Astelena fish cake from La Jarana tavern
Although San Sebastian society experienced significant economic and demographic growth in the 1960s, the majority of the population used to spend their limited leisure time in simple, traditional bars and taverns. Social meeting places where people gathered to have a drink, eat simple dishes and, above all, chat. In this context, the first Astelena arose in a small place in the Plaza de la Constitución in San Sebastián, using an adjustment recipe that used products like mothers of that time used clothing: ironing inside out to protect the fabric, and changing the hem or collar to make it look like another dress. Those same hands, usually women's, familiar with the obligation to recycle and reuse, were the ones that cooked offal and, with the leftover broth, prepared old clothes, croquettes or meat with tomato.
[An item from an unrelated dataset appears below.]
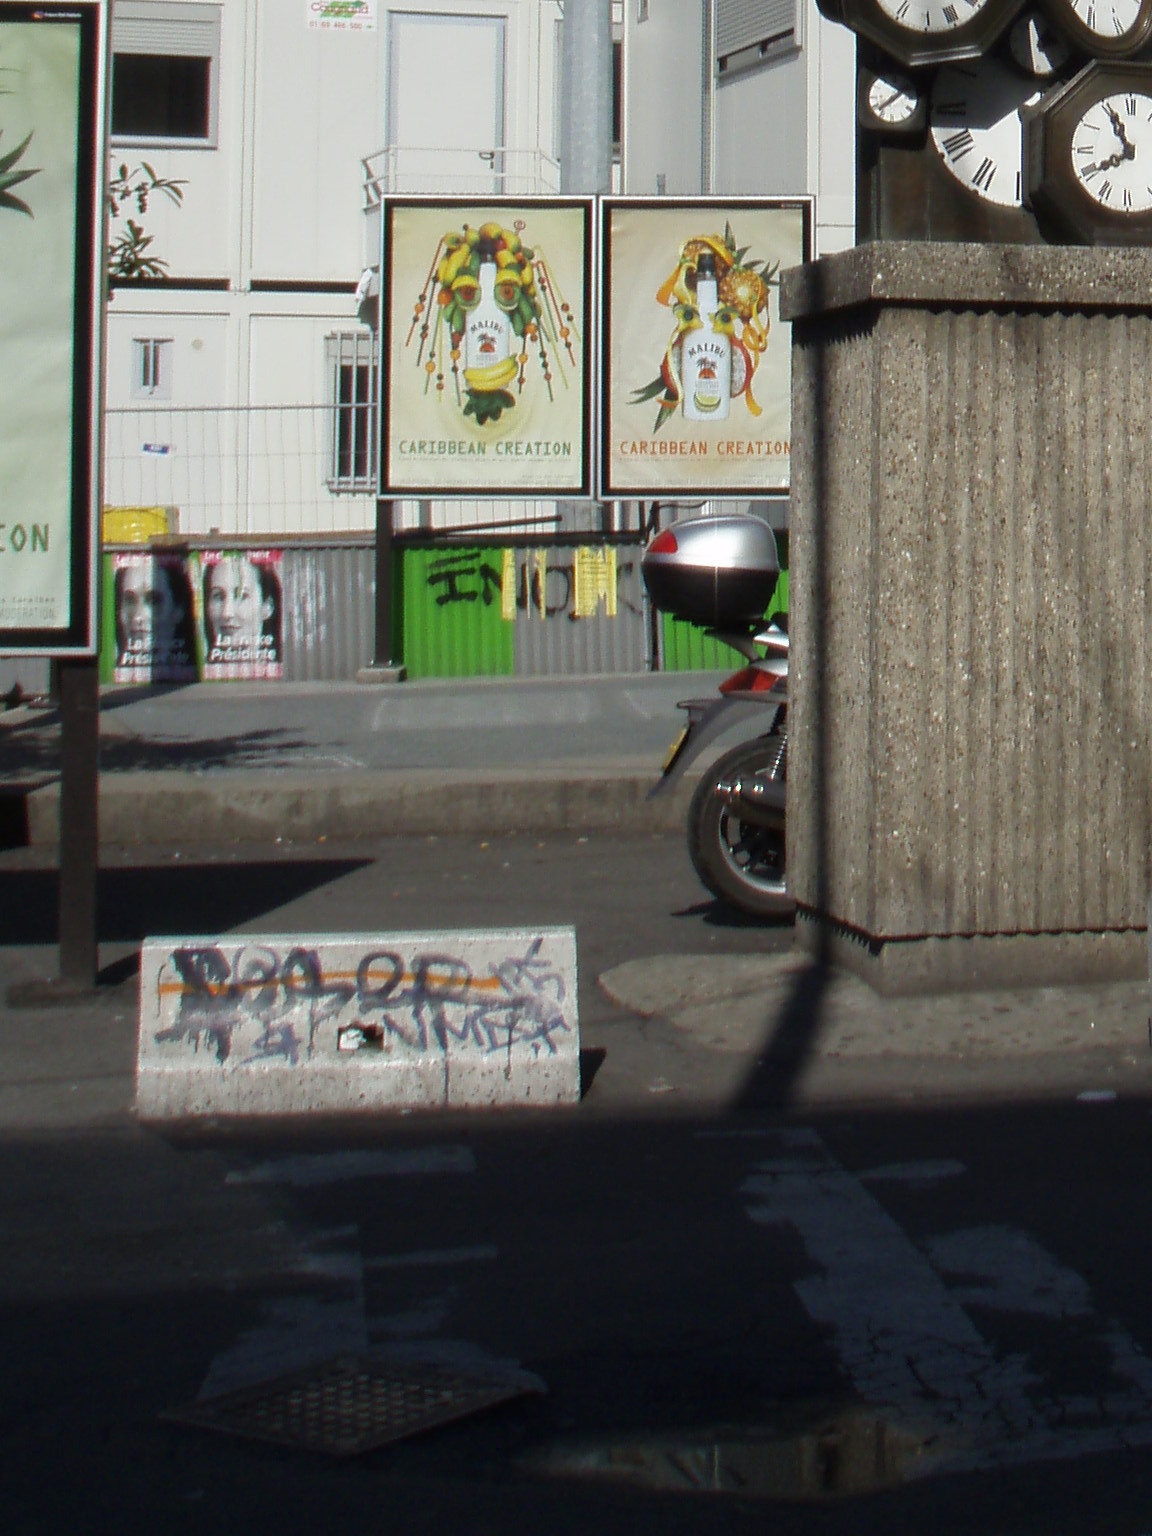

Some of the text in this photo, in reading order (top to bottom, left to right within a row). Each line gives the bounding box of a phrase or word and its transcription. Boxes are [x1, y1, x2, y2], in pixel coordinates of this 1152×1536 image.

[399, 440, 572, 457] CARIBBEAN CREATION
[620, 440, 792, 456] CARIBBEAN CREATION
In the same way of using any resource to multiply the loaves and fish, a hake pie was prepared with what was left of the fish soup. The pastry was nothing more than a juicy hake pudding with egg and a dollop of tomato sauce with vegetables, served on a slice of bread. The acceptance of this snack was immediately apparent from the public's reception. However, its diffusion and elevation came hand in hand by Juan Mari Arzak, who served as inspiration to create the well-known scorpionfish pie, which gave one of the starting signals to the New Basque Cuisine movement. Two generations later, the celebrated chef Ander González accounts for this pintxo at the bar of the La Jarana tavern, after his amona (grandmother) and her aita (father) will polish it for decades.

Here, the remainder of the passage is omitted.